From HARRISONF@cder.fda.gov Tue Jul 9 07:29:46 1996 Subject: Utility of NONMEM I don't have the references at hand, but NONMEM has also been tested in bioequivalence: RD Heparin, analyzed and published by the sponsor's people, around 1993 Interesting conjectures, for all low-molecular weight heparins: The macro-molecule appears to continue changing its length during storage, changing its time-PD profile when used. Subtle changes in manufacturing process might change the distribution of lengths of the macro-molecules and thereby change the time-PD profiles, changing safety and efficacy. Outcome affected whether the drug product was considered to have a sufficiently stable manufacturing process for approval, and was considered for routine GMP and showing generic bioequivalence. ? I heard a bioequivalence was done by Nancy Sambol Although FDA generally uses AUC and Cmax to evaluate bioequivalence, for some drugs, a more rigorous model-based approach may be needed to show equivalence in safety and therapeutic effect. For example, I vaguely remember DDI having a 1-1.5 hour half life with daily dosing.
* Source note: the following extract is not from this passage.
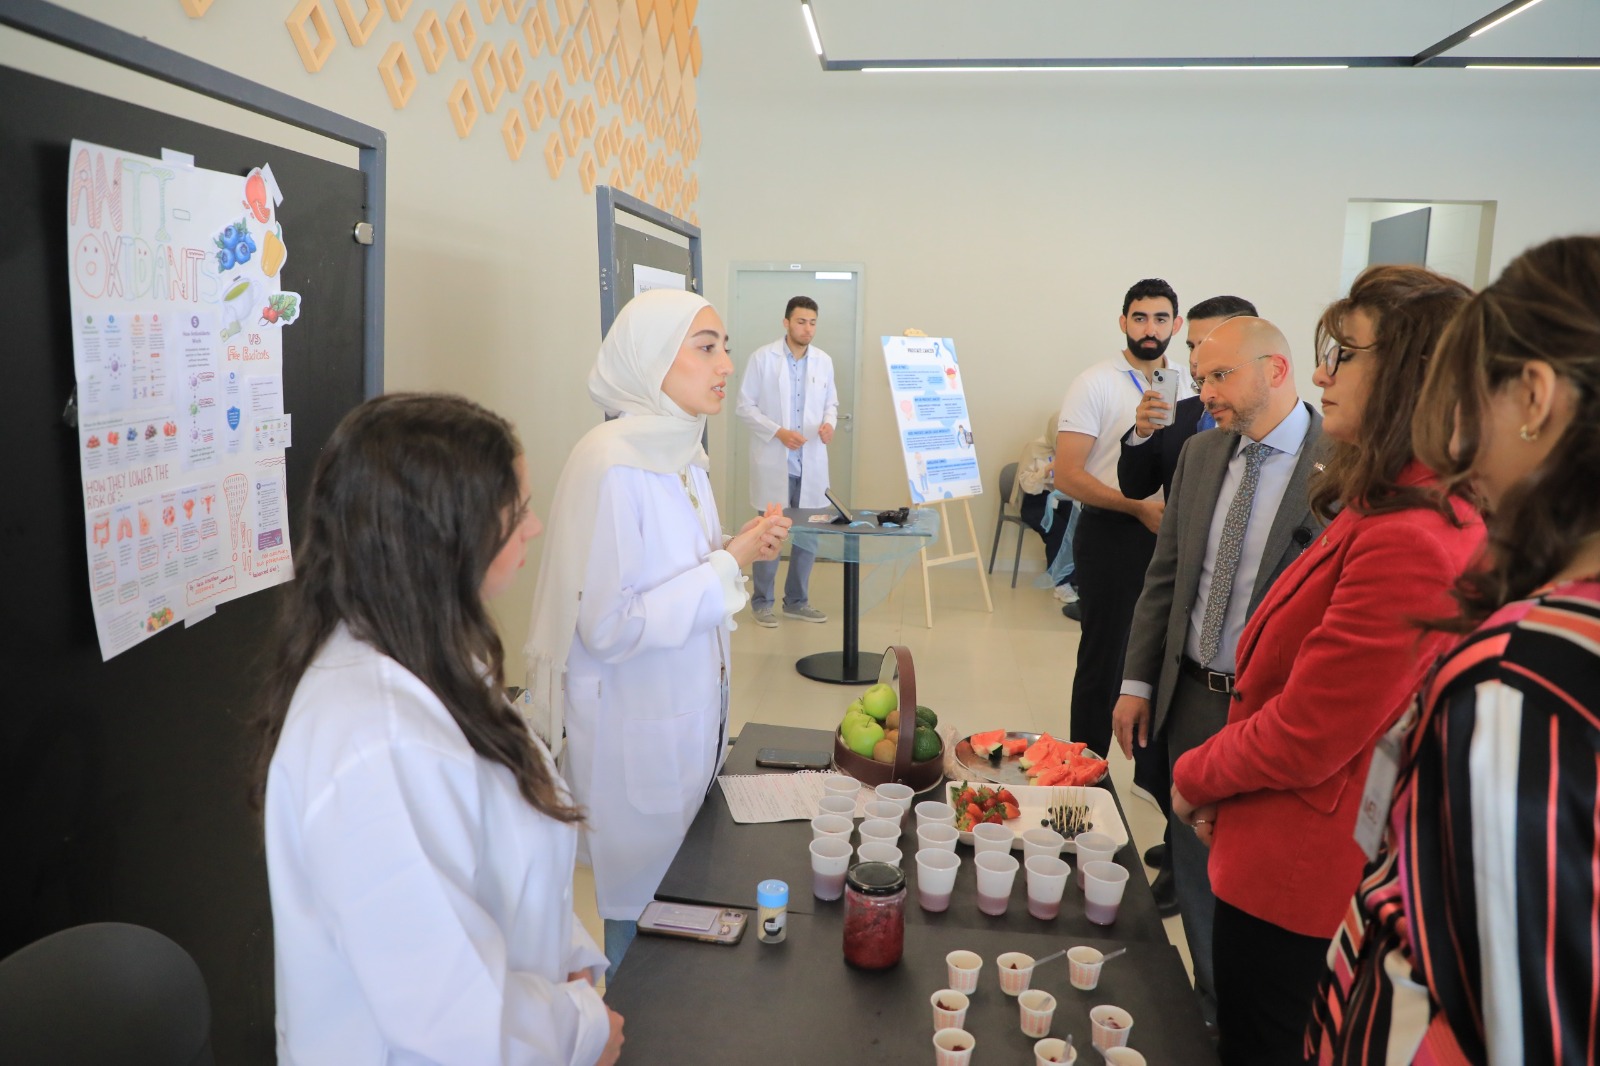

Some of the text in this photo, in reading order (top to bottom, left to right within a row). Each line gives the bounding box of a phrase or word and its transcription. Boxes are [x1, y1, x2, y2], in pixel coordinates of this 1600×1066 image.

[74, 231, 221, 304] OXIDANTS
[86, 463, 169, 494] HOW THEY LOWER THE
[86, 494, 105, 509] RISK
DDI appears to follow a typical antibiotic "paradigm", in which the goal is to get the concentration above some threshold at which it starts to kill or prevent reproduction of the parasite, keep it there for a while, and drop back so the patient won't get unacceptable side effects. I beleive flexible, model-based tools like NONMEM may be sufficiently useful in such cases to justify the additional human labor needed for analysis and to persuade the concerned parties that the analysis is valid. In summary, I'm sure NONMEM and similar softwares have a niche in the drug development (and treatment) process. The questions I wonder about are the current and future sizes and locations of the niche.